═════ DATA TO EXAMINE
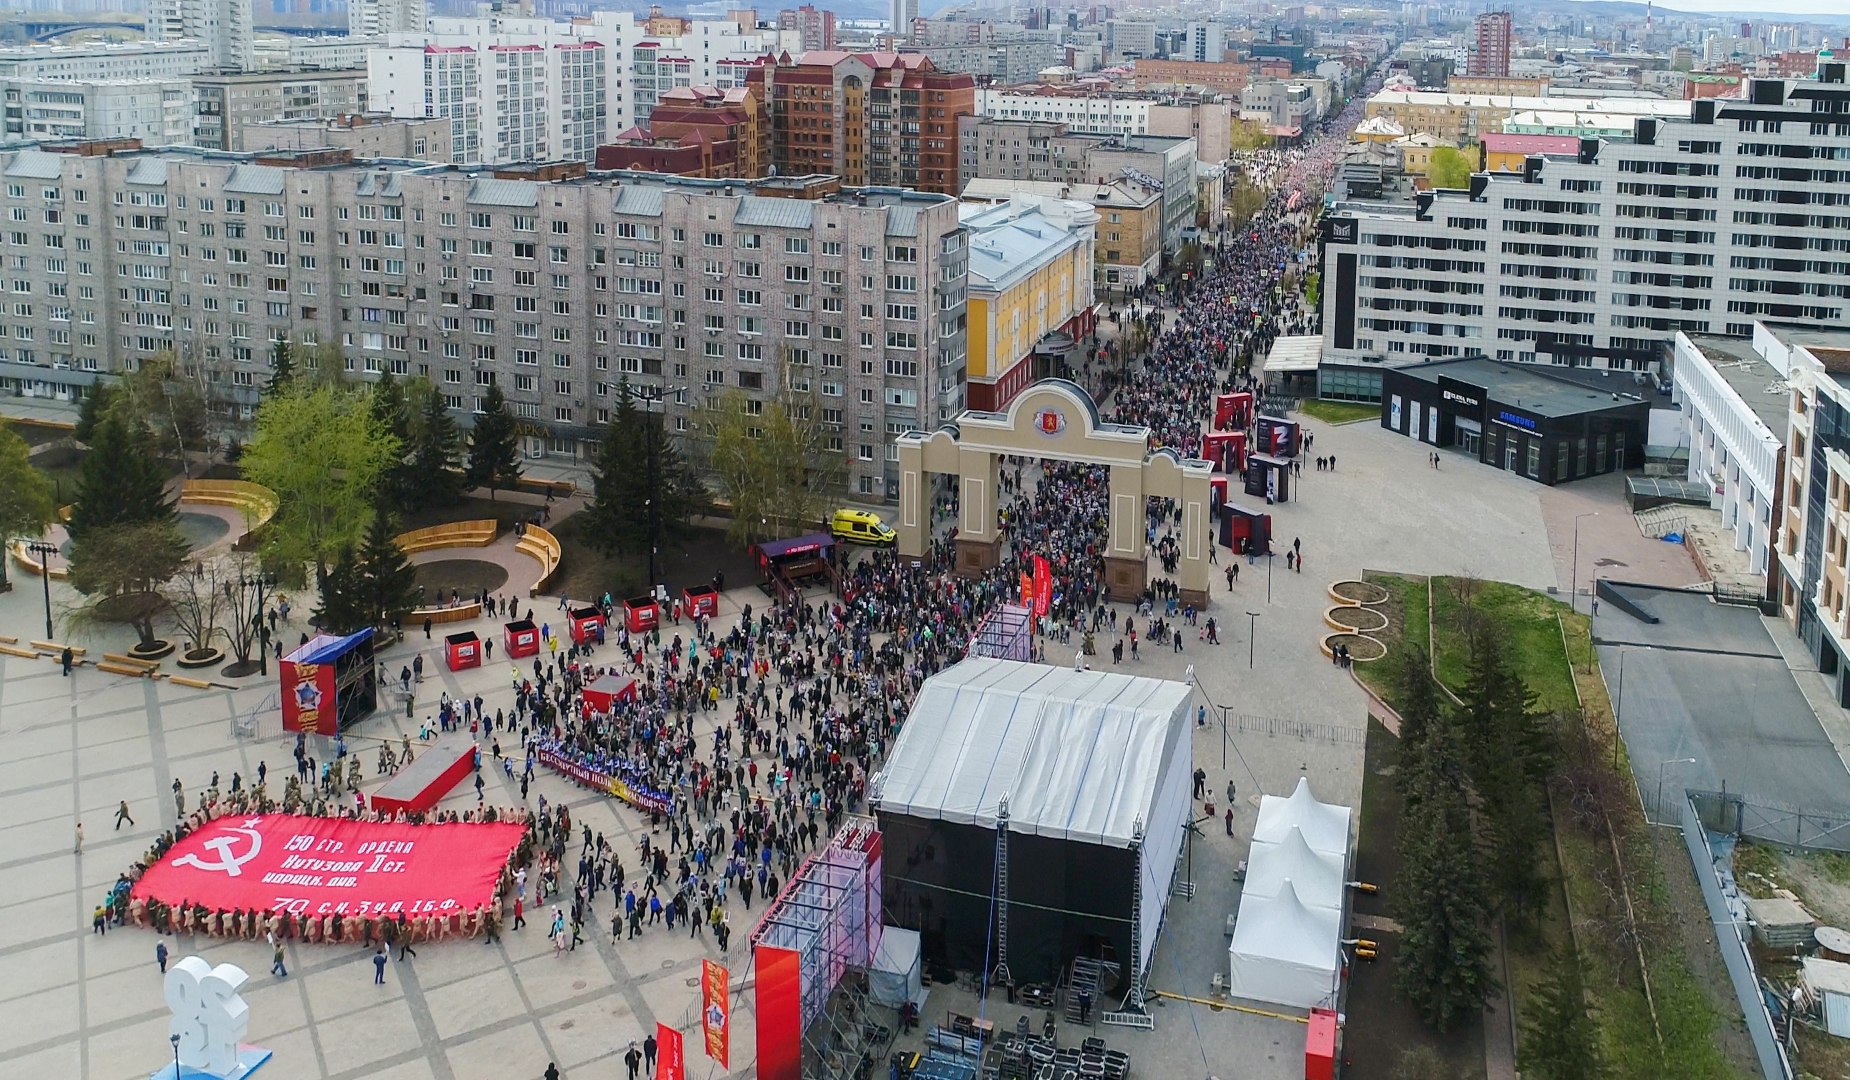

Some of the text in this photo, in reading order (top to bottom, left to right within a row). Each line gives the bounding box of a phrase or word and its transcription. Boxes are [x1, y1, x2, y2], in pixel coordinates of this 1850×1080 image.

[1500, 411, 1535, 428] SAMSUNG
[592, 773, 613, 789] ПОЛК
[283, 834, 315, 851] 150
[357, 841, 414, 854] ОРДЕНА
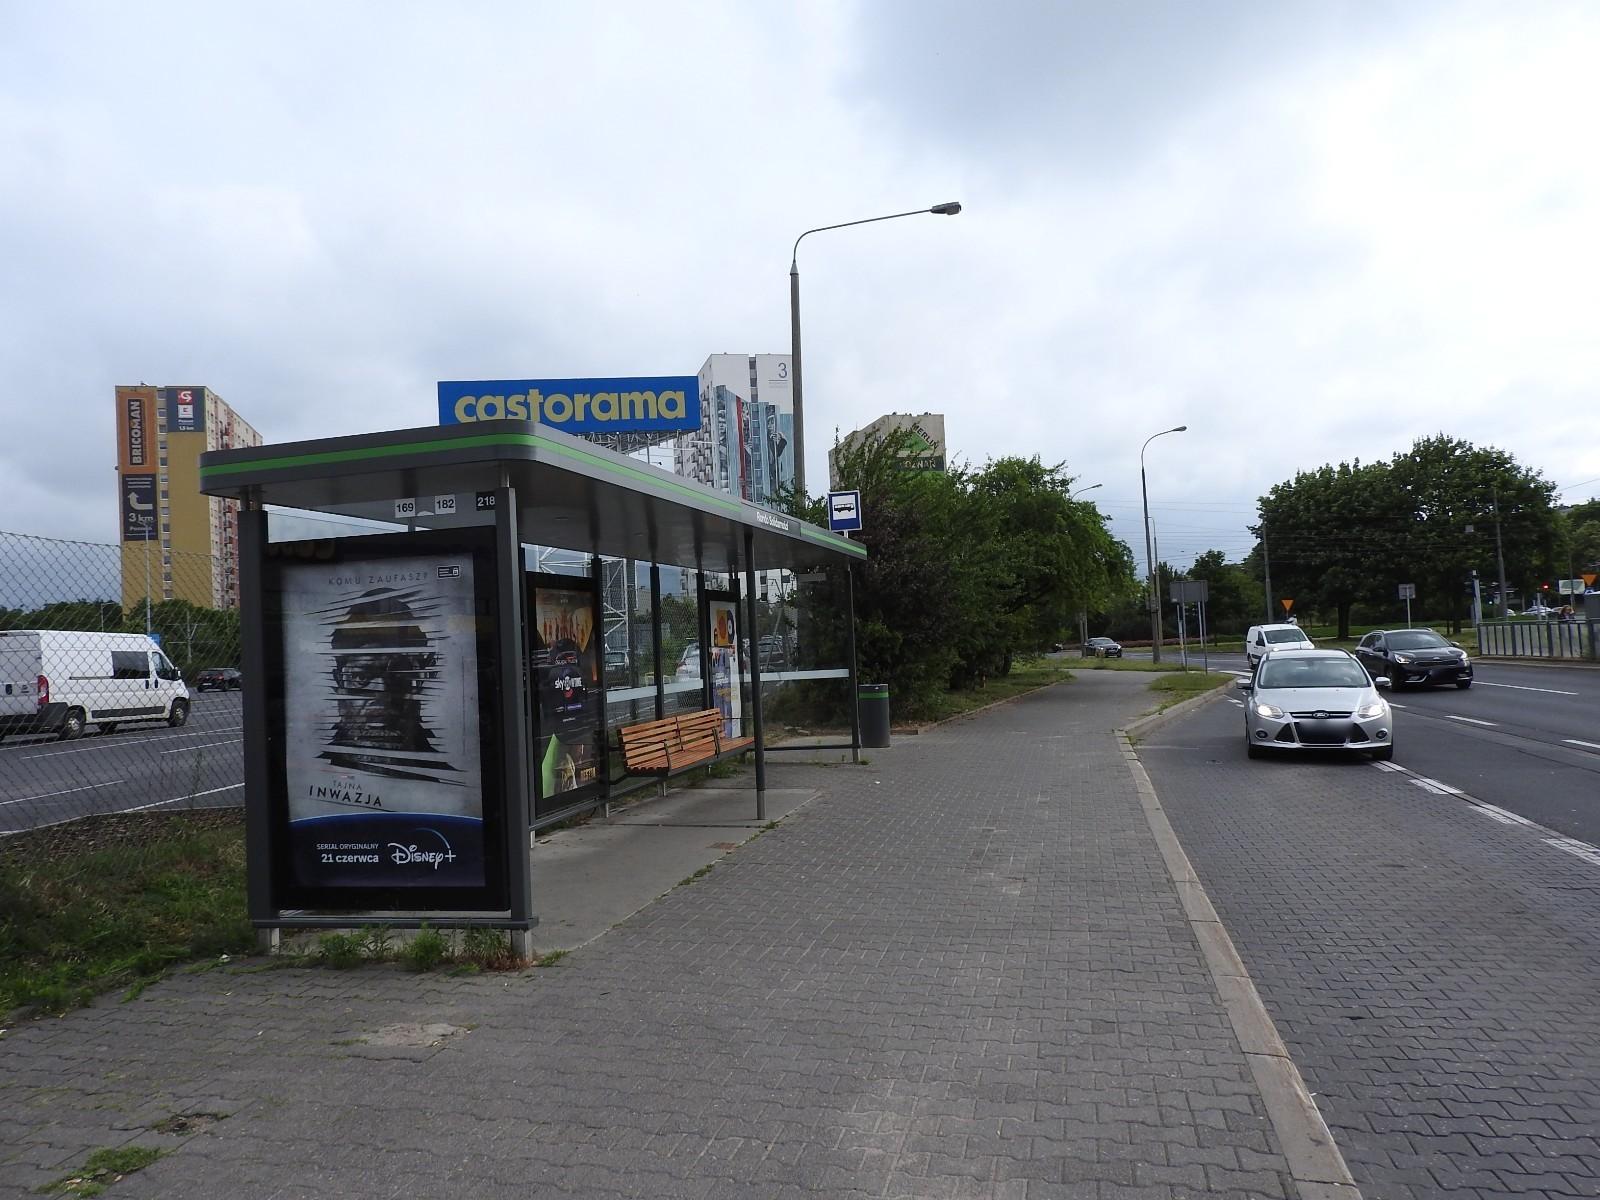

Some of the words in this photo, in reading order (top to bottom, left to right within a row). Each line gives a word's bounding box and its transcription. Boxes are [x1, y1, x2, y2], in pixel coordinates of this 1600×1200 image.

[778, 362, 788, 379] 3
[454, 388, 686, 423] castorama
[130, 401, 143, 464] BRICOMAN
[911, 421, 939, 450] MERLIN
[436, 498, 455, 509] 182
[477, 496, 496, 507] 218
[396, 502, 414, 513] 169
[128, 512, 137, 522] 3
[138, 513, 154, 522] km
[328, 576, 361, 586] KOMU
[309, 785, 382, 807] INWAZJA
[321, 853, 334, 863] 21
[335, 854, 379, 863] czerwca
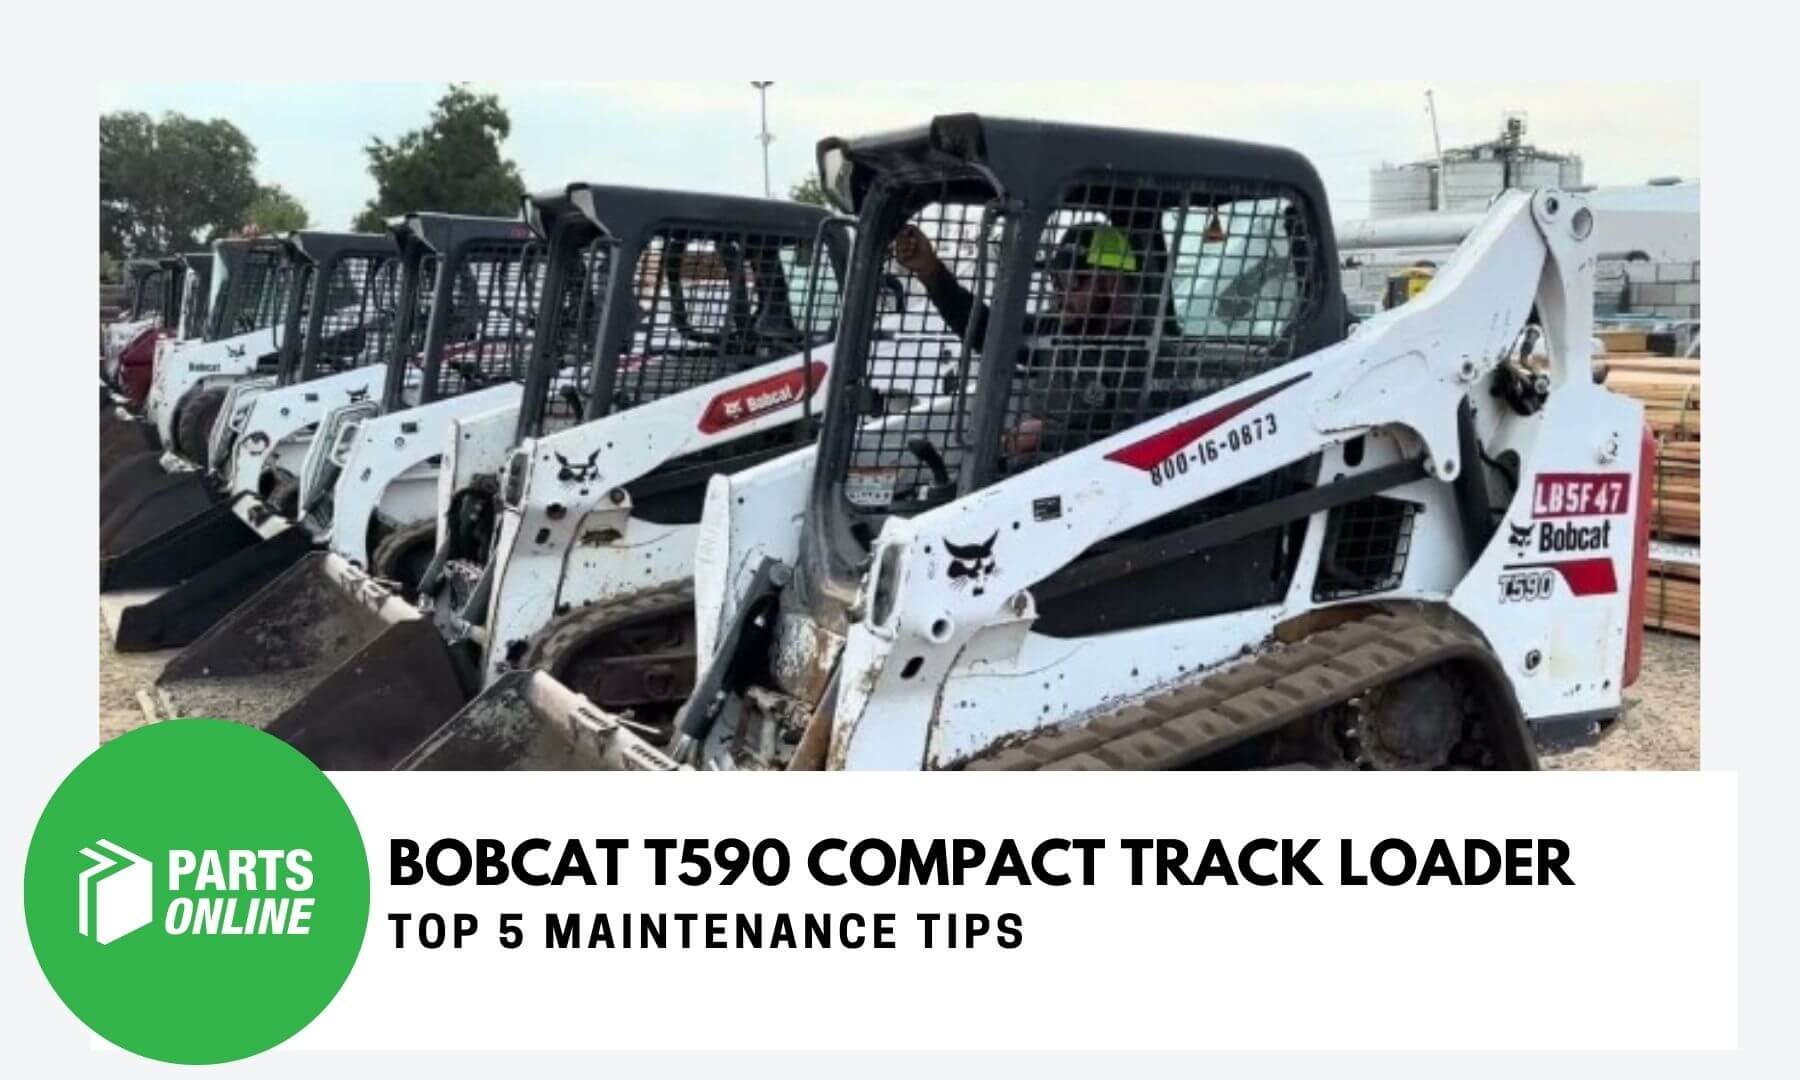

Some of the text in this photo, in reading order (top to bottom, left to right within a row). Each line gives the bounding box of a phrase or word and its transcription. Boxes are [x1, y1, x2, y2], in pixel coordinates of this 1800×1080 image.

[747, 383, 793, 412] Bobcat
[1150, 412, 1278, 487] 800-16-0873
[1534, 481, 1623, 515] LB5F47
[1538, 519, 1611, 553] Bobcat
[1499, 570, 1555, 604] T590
══════════
- [ACTIVITY]:
All lines from the one holding "this 1800×1080 image." through the final line of the material must be set down exactly, and nothing else may be added.

- [SOLUTION TO THIS EXERCISE]:
Some of the text in this photo, in reading order (top to bottom, left to right within a row). Each line gives the bounding box of a phrase or word and its transcription. Boxes are [x1, y1, x2, y2], in pixel coordinates of this 1800×1080 image.

[747, 383, 793, 412] Bobcat
[1150, 412, 1278, 487] 800-16-0873
[1534, 481, 1623, 515] LB5F47
[1538, 519, 1611, 553] Bobcat
[1499, 570, 1555, 604] T590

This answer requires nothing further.